-- Opening Marker --
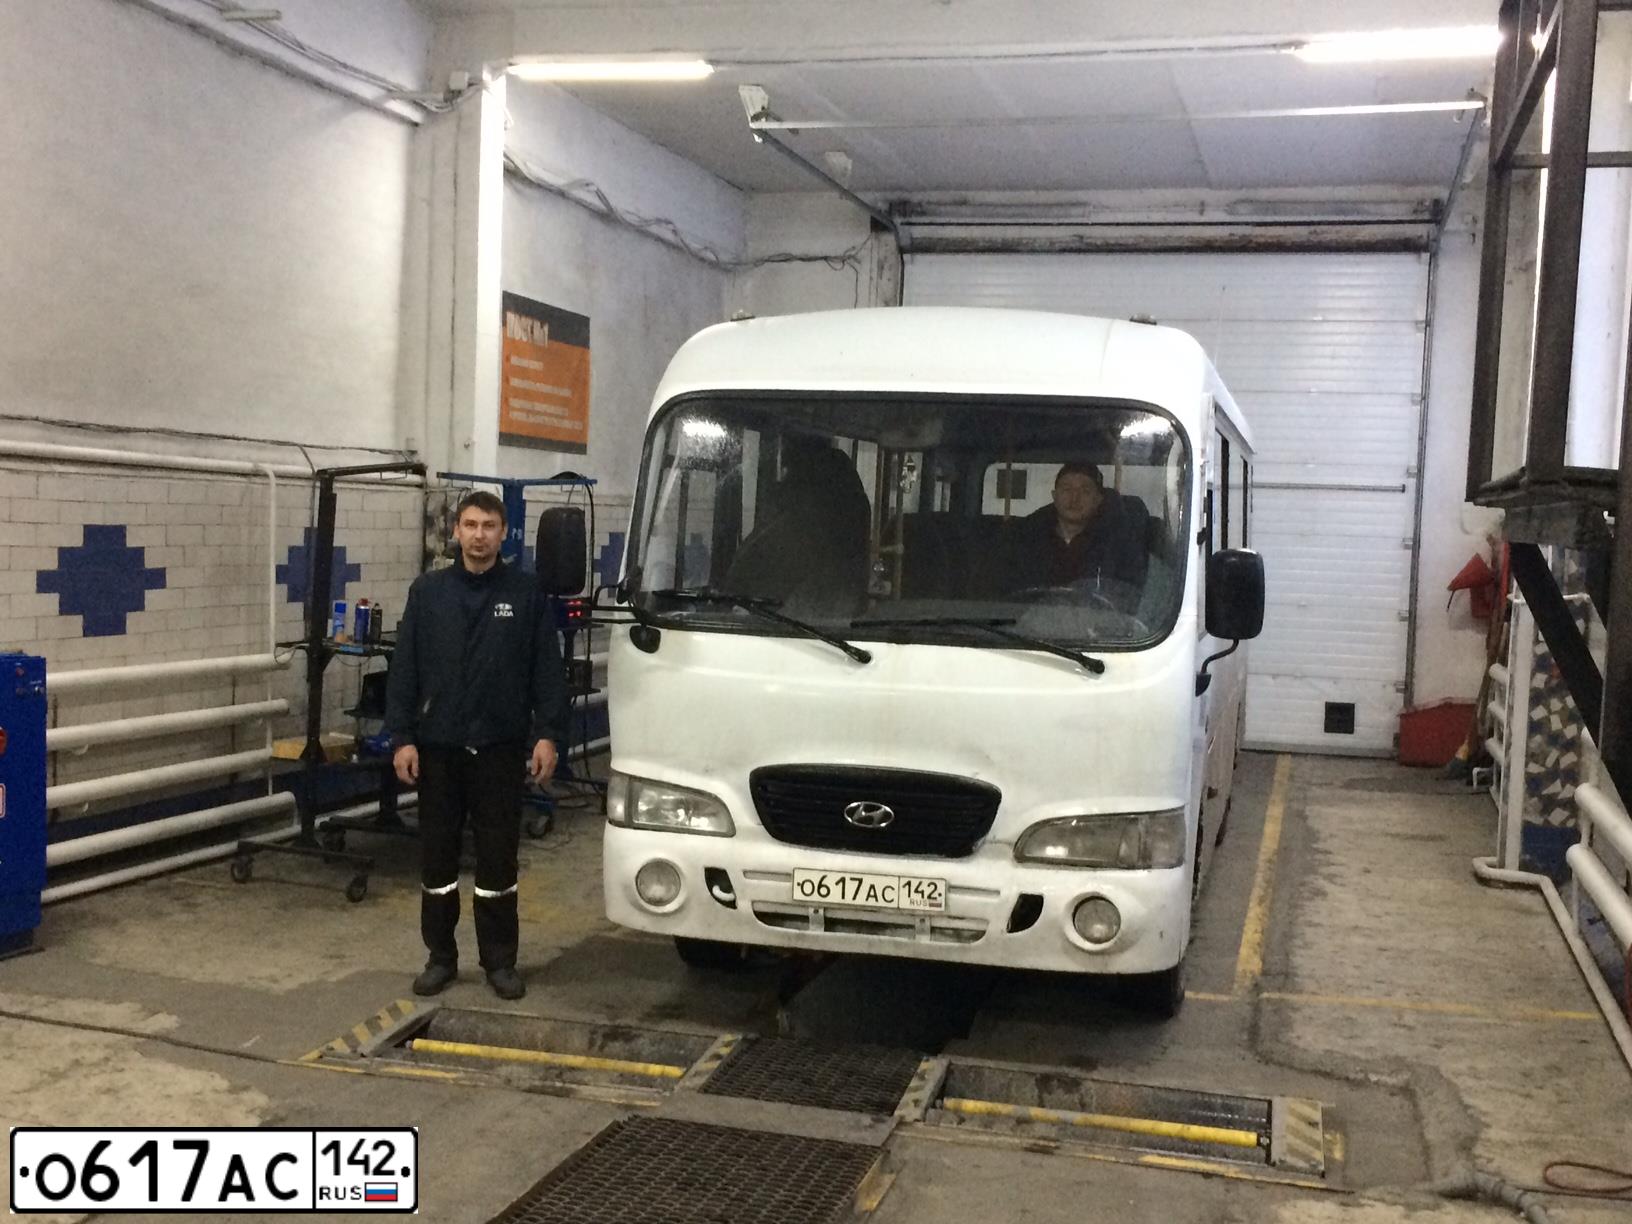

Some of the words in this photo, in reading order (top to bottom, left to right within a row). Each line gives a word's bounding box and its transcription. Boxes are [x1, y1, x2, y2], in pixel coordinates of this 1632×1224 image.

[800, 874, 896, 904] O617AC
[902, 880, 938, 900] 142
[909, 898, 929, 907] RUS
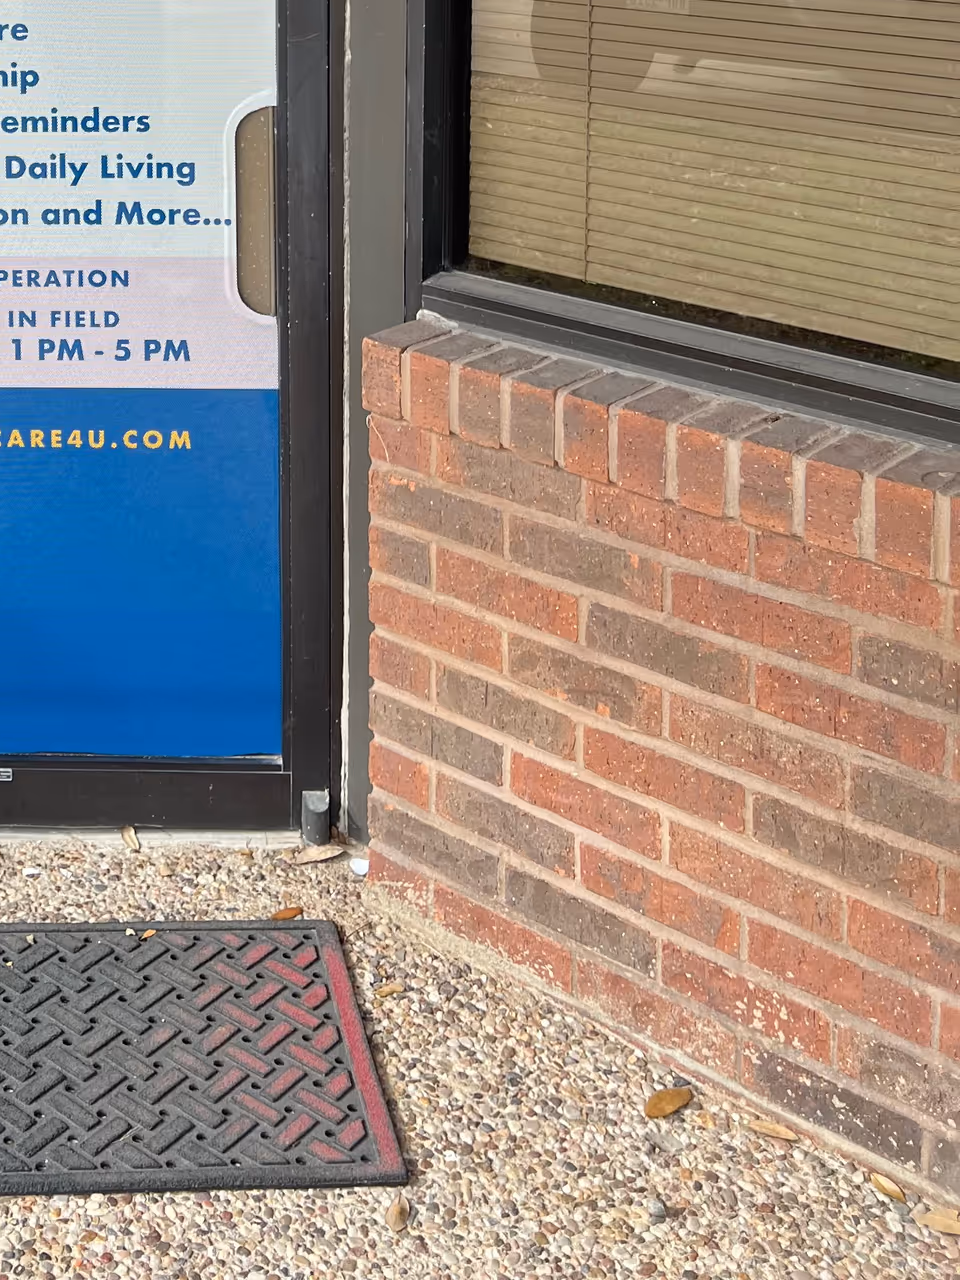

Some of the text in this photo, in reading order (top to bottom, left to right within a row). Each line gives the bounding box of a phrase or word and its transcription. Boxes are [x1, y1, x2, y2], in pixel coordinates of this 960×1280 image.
-- Closing Marker --
TASK TO CARRY OUT:
What is needed is an exact copy of the records above, with no pictures in it.

ANSWER FOR THE TASK:
Some of the words in this photo, in reading order (top to bottom, left to right within a row). Each line gives a word's bounding box and its transcription. Boxes are [x1, y1, x2, y2], in pixel coordinates of this 1632×1224 image.

[800, 874, 896, 904] O617AC
[902, 880, 938, 900] 142
[909, 898, 929, 907] RUS

Some of the text in this photo, in reading order (top to bottom, left to right within a row). Each line gives the bounding box of a phrase or word and its transcription. Boxes are [x1, y1, x2, y2], in pixel coordinates of this 960×1280 image.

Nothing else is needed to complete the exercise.